Que el cine oriental ha invadido el Festival de Sitges desde hace unos años es algo innegable. Buena parte de la culpa la tiene el director del certamen, Ángel Sala, un confeso admirador de las cinematografías venidas del Oriente. ¿Pero quién puede echárselo en cara cuando, por un lado, no hace otra cosa sino reflejar la cada vez mayor admiración del público occidental (vean la profusión de webs y blogs dedicados al tema) por el cine asiático, y por otro, cuando algunas (muchas) de las mejores películas proyectadas durante el Festival pertenecen a la sección Orient Express?

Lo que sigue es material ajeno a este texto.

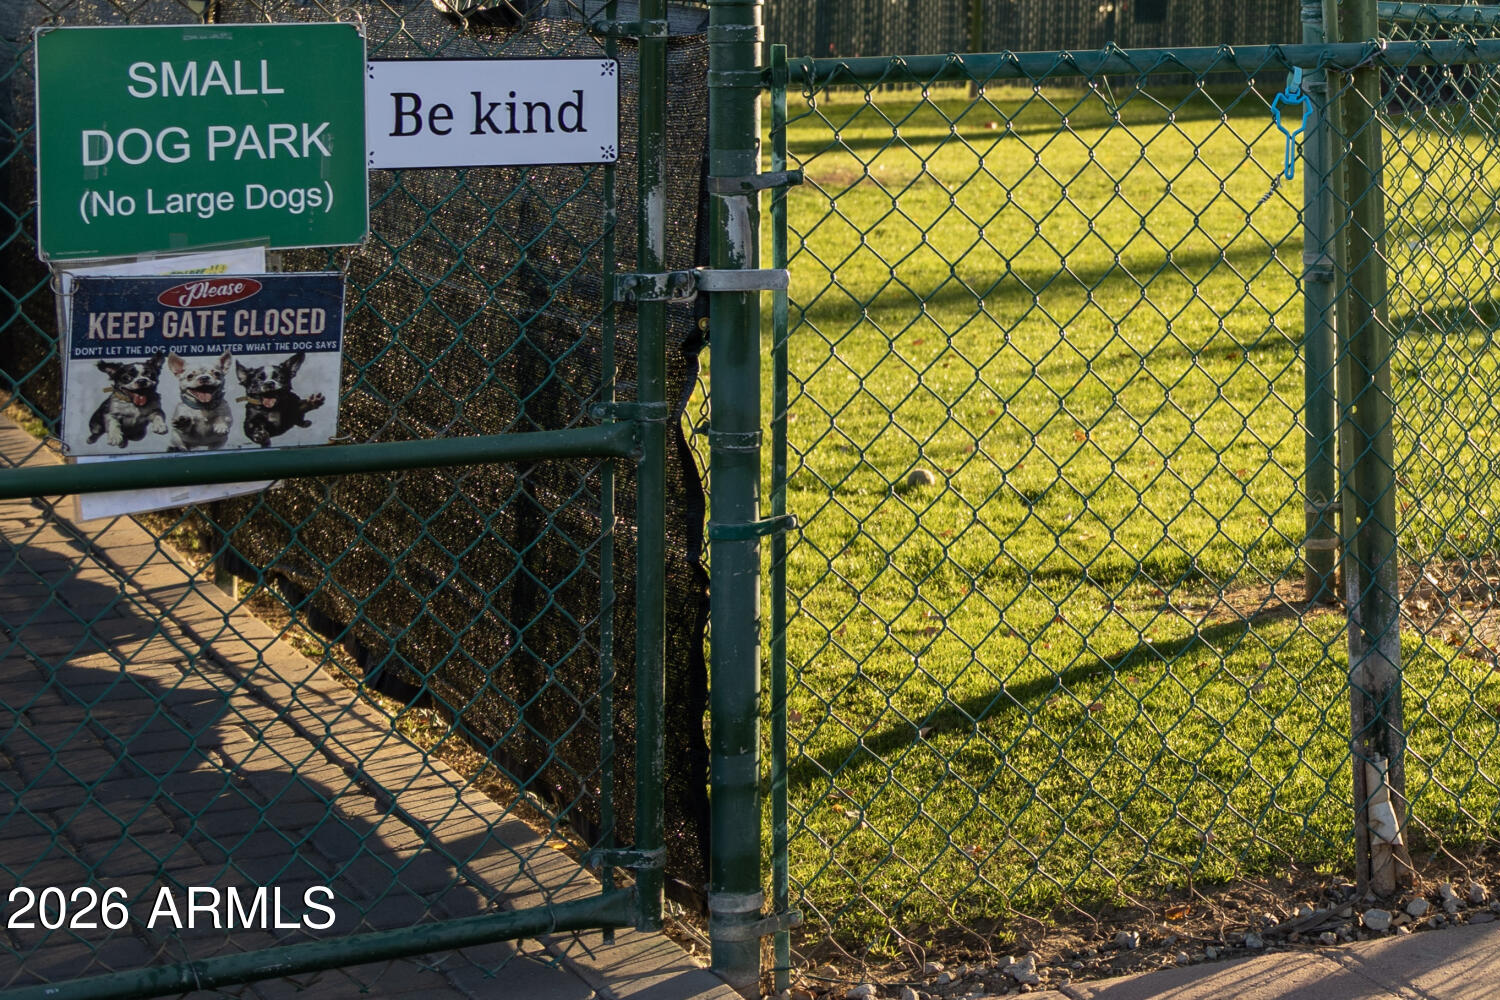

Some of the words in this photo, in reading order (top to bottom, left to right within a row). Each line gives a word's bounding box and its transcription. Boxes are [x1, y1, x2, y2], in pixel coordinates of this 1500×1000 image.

[128, 59, 285, 98] SMALL
[389, 92, 454, 137] Be
[469, 89, 588, 136] kind
[82, 126, 191, 167] DOG
[207, 121, 332, 162] PARK
[80, 190, 136, 224] (No
[147, 188, 235, 218] Large
[246, 181, 333, 214] Dogs)
[178, 281, 245, 307] Please
[88, 311, 155, 340] KEEP
[162, 310, 227, 338] GATE
[234, 307, 326, 337] CLOSED
[75, 347, 103, 356] DON'T
[106, 347, 122, 355] LET
[126, 346, 142, 355] THE
[145, 345, 166, 354] DOG
[169, 345, 188, 354] OUT
[190, 344, 204, 353] NO
[207, 343, 243, 353] MATTER
[246, 342, 271, 352] WHAT
[274, 342, 290, 351] THE
[293, 341, 313, 350] DOG
[315, 340, 337, 350] SAYS

Así pues, este año se pudieron ver los últimos trabajos de directores como Takashi Miike, Kim Ki-duk, Kiyoshi Kurosawa o Satoshi Kon, de los que iremos dando cuenta en días venideros; pero entre tantos ilustres conocidos llamó la atención también Pou-Soi Cheang y su Gau ngao gau, estrenada aquí con el título anglosajón de Dog bite dog.
La película narra el enfrentamiento entre un asesino a sueldo frío como el hielo y un policía de métodos expeditivos. Ambos son profesionales de pocas palabras (la voz del primero no se escucha hasta casi el final de la cinta) que se definen a sí mismos por su contraposición frente al otro, y donde los conocemos por lo que hacen, no por lo que dicen. Eso sí: lo que hacen se manifiesta mediante una violencia brutal que no deja respiro al espectador.

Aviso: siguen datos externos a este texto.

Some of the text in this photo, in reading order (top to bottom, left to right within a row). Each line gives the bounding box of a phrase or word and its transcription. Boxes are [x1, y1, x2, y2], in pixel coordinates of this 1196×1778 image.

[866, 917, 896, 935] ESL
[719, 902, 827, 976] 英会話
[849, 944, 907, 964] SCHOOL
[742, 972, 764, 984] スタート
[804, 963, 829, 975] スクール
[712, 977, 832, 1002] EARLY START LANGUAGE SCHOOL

Pero en la cinta también hay espacio para la ternura: la que siente el asesino por una joven. A este respecto, y sin desvelar nada de la trama, hay que señalar que a algunos espectadores les parecerá que la parte final se sumerge en las aguas de la exageración; un servidor no lo cree, y se dejó llevar con alborozo por esta odisea de venganza y redención a medio camino entre Sergio Leone y el mejor John Woo.